Planning Care for the Illness Group

It is worthy of mentioning that the analysis of coping skills is crucial for care plan development for the illness group. As per the results of the interview, it can be evidenced that on the one hand, the individuals with chronic kidney disease utilize the protective mechanisms, and on the other, there is the difference between them in the parameter of activity – passivity (Backman, 2013). The most productive direction during the course of care is the active cooperation of the patient in the diagnosis and treatment process, an active search for support in the therapeutic and social environment.

Further, problem analysis of the disease and its consequences and a reasonable degree of ignoring the disease as well as a humorous approach to it (a certain distancing with regard to disease) are important. It is crucial to note that it is rather difficult to carry out structural modification of psychological defense mechanisms or its removal even if the specialist has created a stable empathic communication with the patient, which weakens and reduces the need for protection.

In this case, the most expedient focus of therapeutic work should be to maintain and develop the patient’s coping mechanisms and skills (Daugirdas, 2012). When planning the course of care, the predominant coping strategies in patients should be self-control, planning solution to the problem, and optimism. The passive and non-constructive strategies of coping with stress such as escape-avoidance, which indicate the quality of the adaptive capabilities of the patients, should be eliminated.

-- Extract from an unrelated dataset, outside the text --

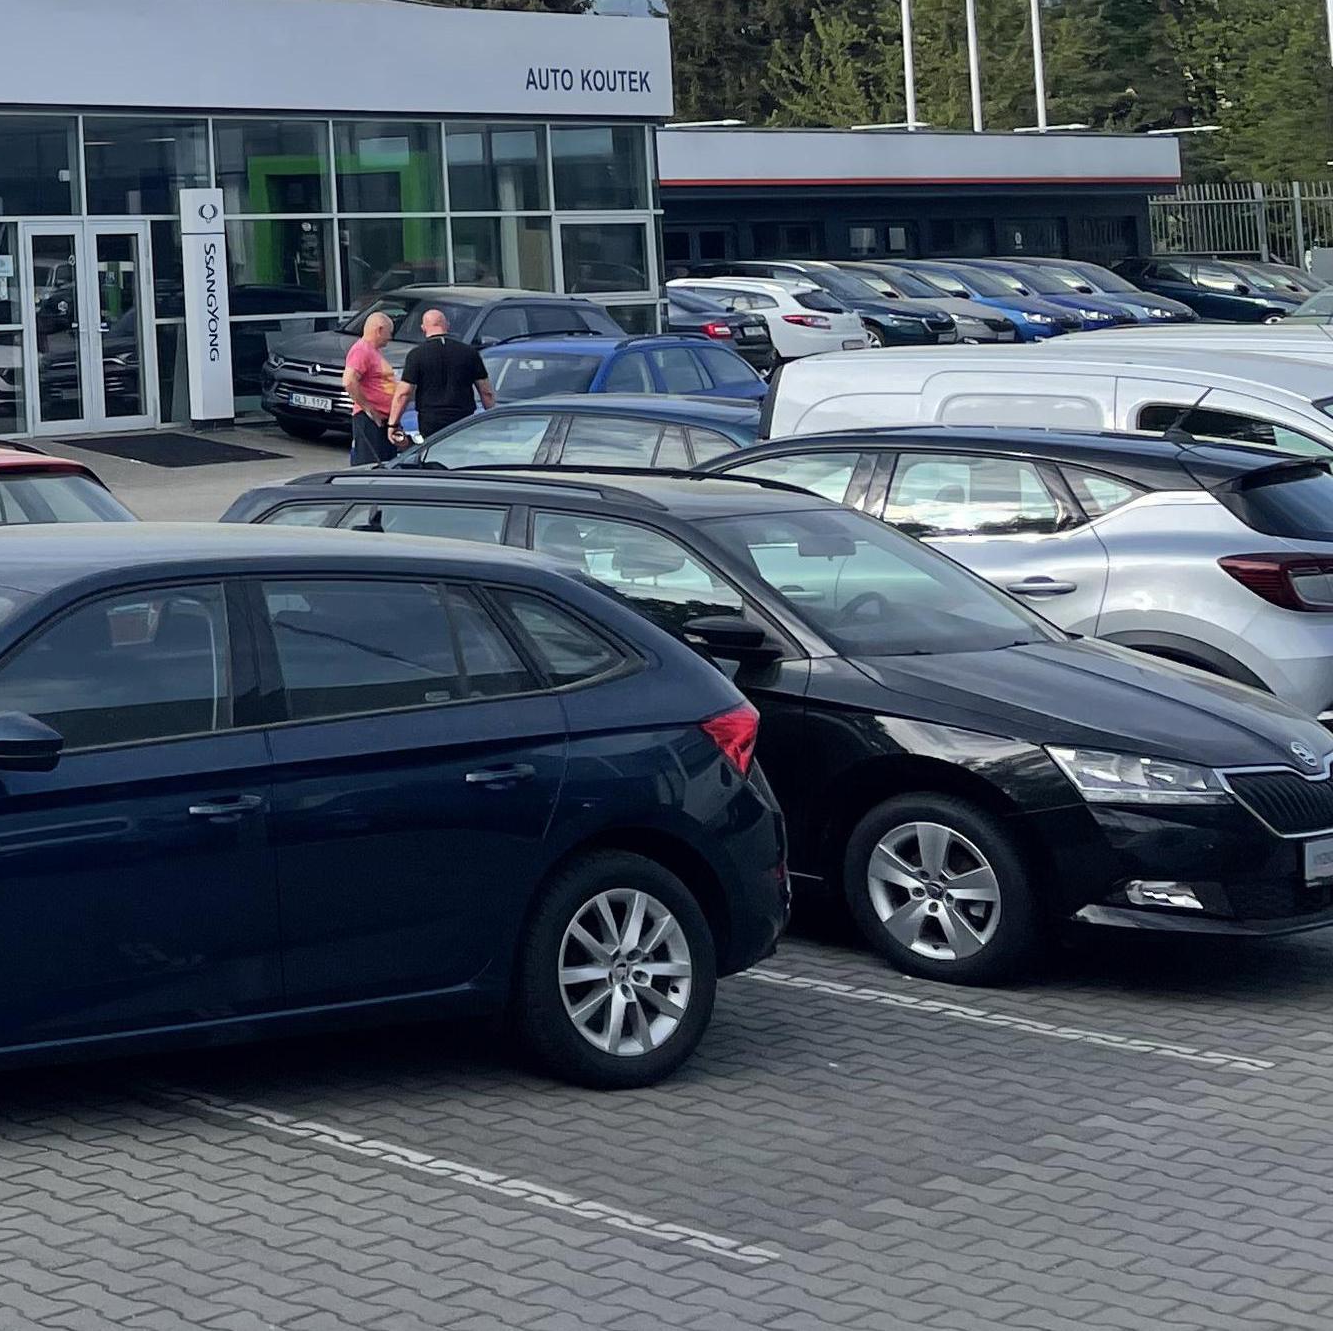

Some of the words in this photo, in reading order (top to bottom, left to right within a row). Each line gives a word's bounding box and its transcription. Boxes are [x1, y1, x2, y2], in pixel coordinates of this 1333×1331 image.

Also, worth noting is that the psychological and physical rehabilitation of patients with chronic kidney disease should be holistic (Backman, 2013). A circular relationship of physical and psychological variables in the course of physical therapy is the manifestation of this relationship. Regular physical exercise will improve the emotional state of patients and increase their satisfaction in the life status (Thomas & Othersen, 2016).

The availability of effective means of overcoming the difficulties, the absence of symptoms of depression and anxiety contribute to the formation of motivation for physical activity (Himmelfarb & Sayegh, 2010). When working with patients, it is advisable to get an idea of the patient’s personal features as they are an important factor in the treatment planning.

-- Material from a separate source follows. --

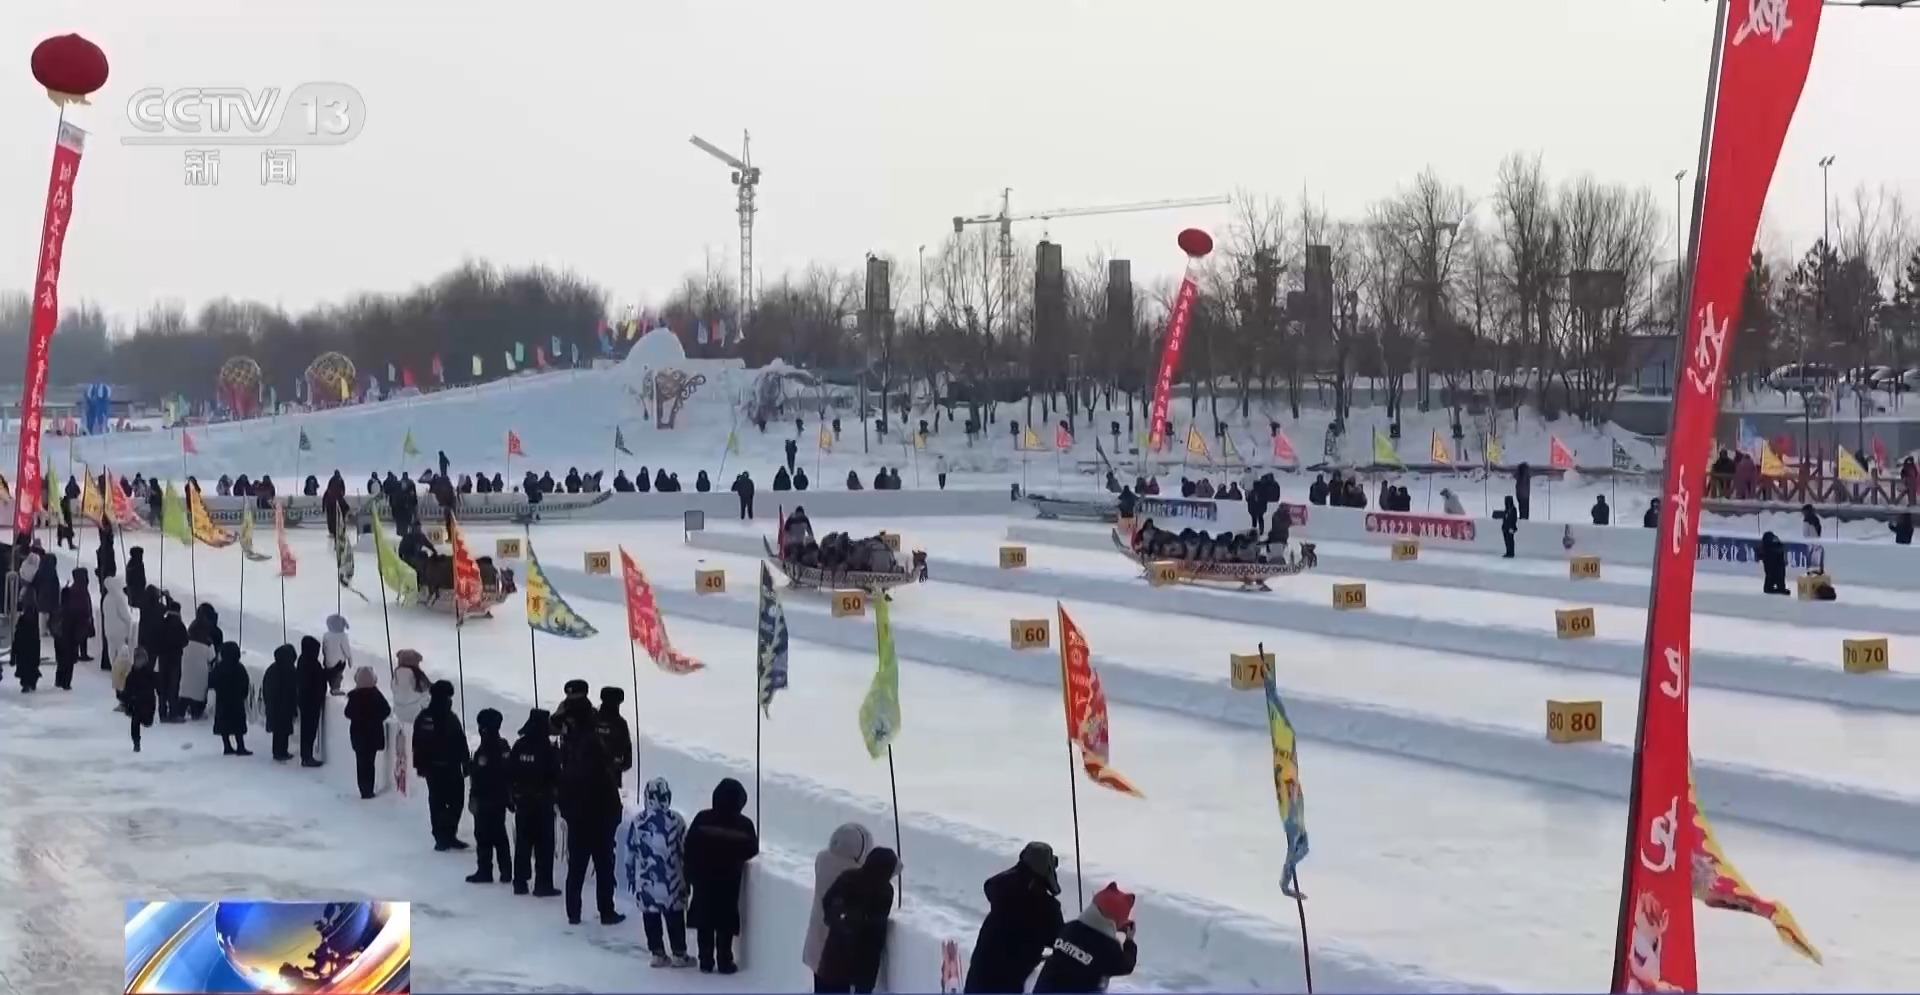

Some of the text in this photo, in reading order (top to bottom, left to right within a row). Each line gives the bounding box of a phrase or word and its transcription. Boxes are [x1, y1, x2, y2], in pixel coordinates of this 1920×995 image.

The rehabilitation work with patients should be based on a multidisciplinary approach involving physicians, nephrologists, nutritionists, cardiologists, neurologists, physiotherapists, clinical psychologists, and psychotherapists. Psychological support should be combined with regular physical training. Due to the fact that the parameters such as physical functioning and physical health are independent predictors of survival in patients, low physical health self-assessment indicators should alert the doctor and encourage him or her to audit assessment of the somatic condition of the patient and correct the therapy on a timely basis. It is necessary to carry out psychological correction of life values and purposes of patients due to the fact that they are crucial predictors of successful treatment.

References

Backman, M. (2013). The psychology of the physically ill patient. New York, NY: Springer.

Bomback, A., & Bakris, G. (2010). Chronic kidney disease (CKD) and hypertension essentials. Burlington, MA: Jones & Bartlett Learning.

Chronic kidney disease patient questionnaire. (2012). Web.

Daugirdas, J. (2012). Handbook of chronic kidney disease management. Philadelphia, PA: Lippincott Williams & Wilkins.

Himmelfarb, J., & Sayegh, M. (2010). Chronic kidney disease, dialysis, and transplantation. New York, NY: Elsevier.

Thomas, l., & Othersen, J. (2016). Nutrition therapy for chronic kidney disease. Boca Raton, FL: CRC Press.